In conclusion, this analysis identified the cis-acting elements involved in the initiation phase of krox20 expression [21]: their homozygous mutation affects the hindbrain expression of krox20 at very early stages (at around 3s), before any significant involvement of the autoregulatory loop (Fig 1A). In r3, a single element, F, is absolutely required. In r5, however, the situation is more complex and elements show partial redundancy.
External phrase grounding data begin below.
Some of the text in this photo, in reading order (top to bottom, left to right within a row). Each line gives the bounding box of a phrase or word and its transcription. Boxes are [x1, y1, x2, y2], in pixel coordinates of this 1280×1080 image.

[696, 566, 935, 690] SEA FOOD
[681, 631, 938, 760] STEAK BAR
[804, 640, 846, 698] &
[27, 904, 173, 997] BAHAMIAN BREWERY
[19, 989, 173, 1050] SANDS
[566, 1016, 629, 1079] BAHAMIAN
Although element B appears as the major contributor, elements A and C are also involved and the mutation of all three elements is required to essentially abolish krox20 r5 expression. Residual expression could be due to very weak activity of a non-characterised fourth element or to the fact that the internal mutations in enhancers A and C do not totally inactivate them (Figs 4 and S2). Finally, among the identified elements, in the neural crest derived from r5/r6, enhancer B is the only one required for krox20 expression.
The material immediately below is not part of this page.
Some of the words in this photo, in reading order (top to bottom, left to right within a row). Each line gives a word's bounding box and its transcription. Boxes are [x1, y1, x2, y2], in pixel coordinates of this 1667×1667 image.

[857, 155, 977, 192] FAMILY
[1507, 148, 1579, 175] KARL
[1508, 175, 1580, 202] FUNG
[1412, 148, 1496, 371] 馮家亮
Characterisation of the cis-acting elements controlling krox20 autoregulation

Three of the krox20 cis-acting elements, A, D and E, appear to share similar characteristics: they act as enhancers in both r3 and r5, and are active at late stages (up to 20s). Furthermore, deletions ∆A and ∆E lead to a slight decrease in krox20 mRNA levels in both r3 and r5 after 5s (Fig 3). These features suggest that they are involved in the maintenance of krox20 expression and possibly in the underlying positive feedback loop [21]. In addition, the chick and mouse orthologues of element A contain Krox20 binding sites that are required for enhancer activity [20,21], and mouse element A is absolutely necessary for krox20 autoregulation [21]. To investigate whether zebrafish elements A, D and E could be involved in direct krox20 autoregulation, we first examined the activity of these elements in the absence of the Krox20 protein. As indicated above, without Krox20, the enhancer activities of elements D and E were completely abrogated in both r3 and r5 (Fig 5A), demonstrating that these elements are Krox20-dependent and are likely to be involved in the feedback loop. In the case of element A, in the absence of Krox20 protein, r3 enhancer activity was completely eliminated, but some r5 activity was maintained, although severely reduced (Fig 5A). These data indicate that element A possesses a dual function: Krox20-dependent enhancer activities in both r3 and r5 and a Krox20-independent enhancer activity specifically in r5. This latter activity is likely to contribute, together with elements B and C, to the initiation of krox20 expression in r5 (Fig 4).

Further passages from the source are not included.